製造業における工場内でのモノの移動全般を指す「構内物流」。構内物流は工場全体の作業効率化や生産性の向上を担う重要な要素です。一方で、構内物流で課題が発生しているものの、「改善方法が分からない」「改善まで手が回らない」といった悩みを持つ方もいるかもしれません。
本記事では、構内物流の概要や役割とともに、構内物流上で発生する課題や改善の手順を解説します。構内物流の効率化や自動化に役立つ支援ロボットについても紹介していますので、ぜひ参考にしてください。
構内物流とは
構内物流とは、製造業の工場内におけるモノの移動のことです。
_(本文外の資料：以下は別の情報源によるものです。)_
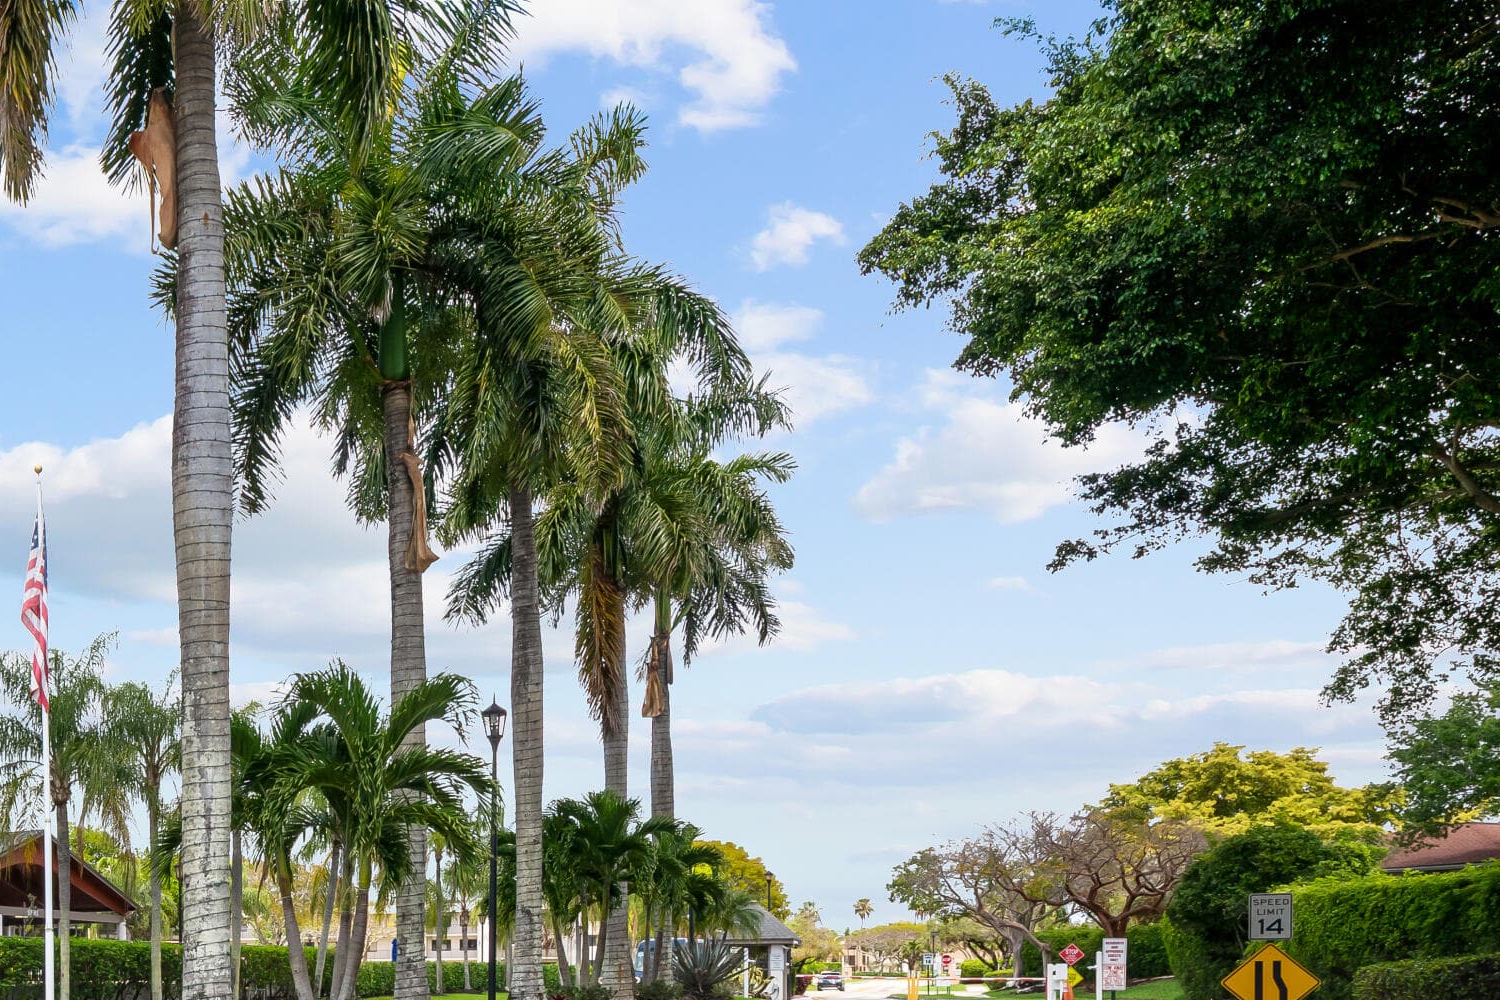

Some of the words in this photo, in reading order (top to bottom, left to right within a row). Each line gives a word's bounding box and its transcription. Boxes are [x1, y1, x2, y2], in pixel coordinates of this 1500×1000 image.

[1253, 898, 1289, 906] SPEED
[1257, 908, 1284, 916] LIMIT
[1258, 918, 1284, 935] 14
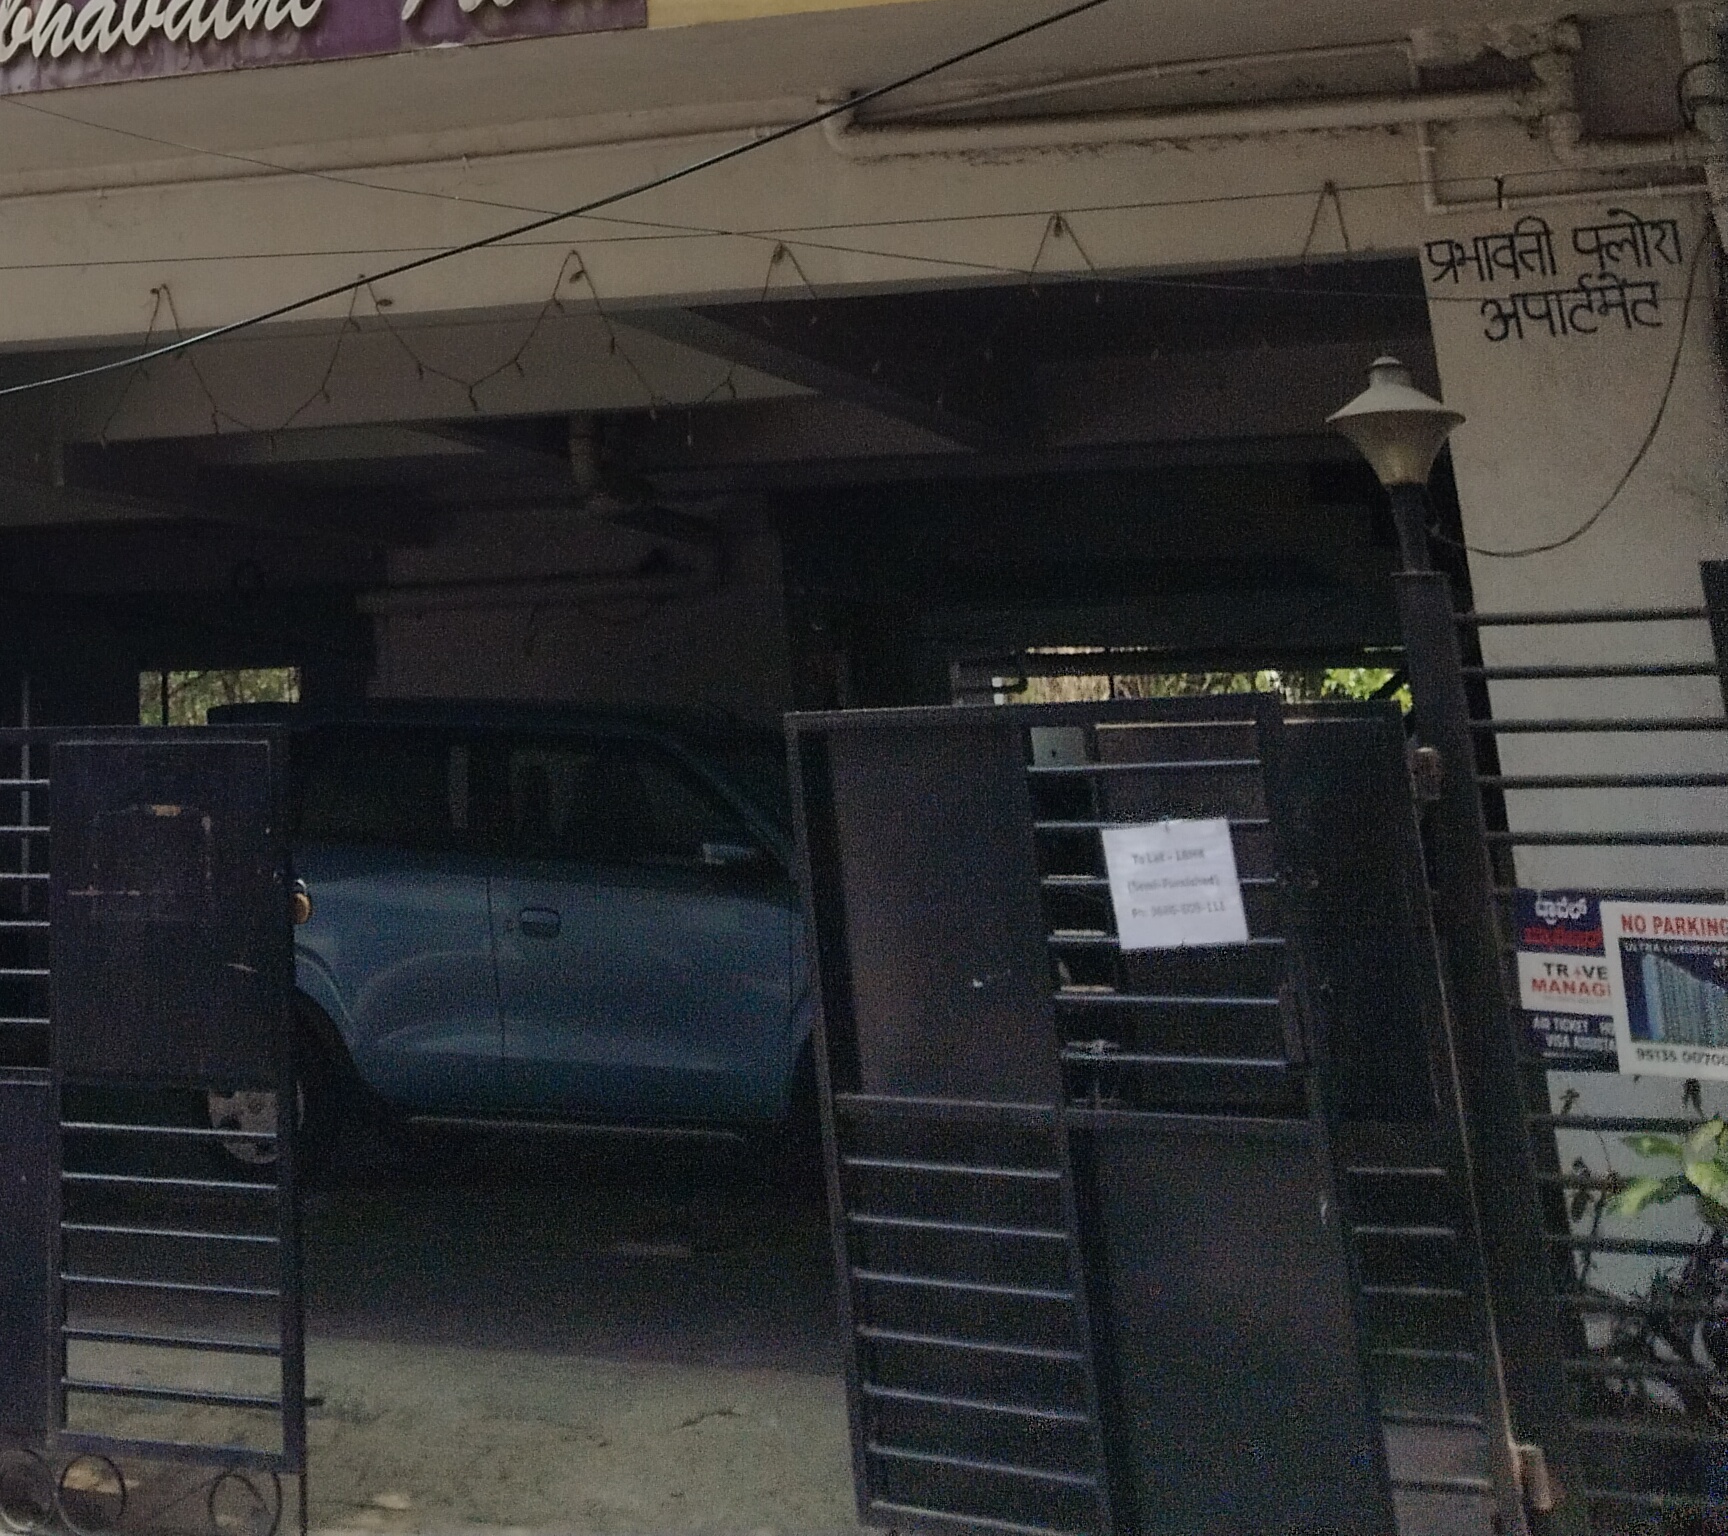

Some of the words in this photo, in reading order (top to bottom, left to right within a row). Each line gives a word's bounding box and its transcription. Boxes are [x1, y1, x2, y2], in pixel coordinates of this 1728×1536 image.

[1425, 215, 1556, 283] प्रभावती
[1621, 914, 1646, 933] NO
[1532, 978, 1612, 997] MANAG
工場内物流や生産物流、マテハン(マテリアルハンドリング)とも呼ばれています。製造業はひとつの製品の完成までに幅広い工程や生産ラインが存在するため、各工程やライン間でモノの運搬が発生します。
構内物流は最適化することで、工場全体の効率化や生産性の向上が実現する、重要な要素と言えます。
工場内における構内物流の役割
構内物流は工場内のモノを運搬するだけでなく、さまざまな役割を担っています。構内物流の持つおもな役割を解説します。
生産ラインの付加価値向上
構内物流は、生産ラインの付加価値を上げる役割を持っています。工場は、ものづくりを実現することで価値を生み出せる施設です。生産ラインにはものづくりに集中し、最大限の生産性と品質を向上できる環境整備が求められています。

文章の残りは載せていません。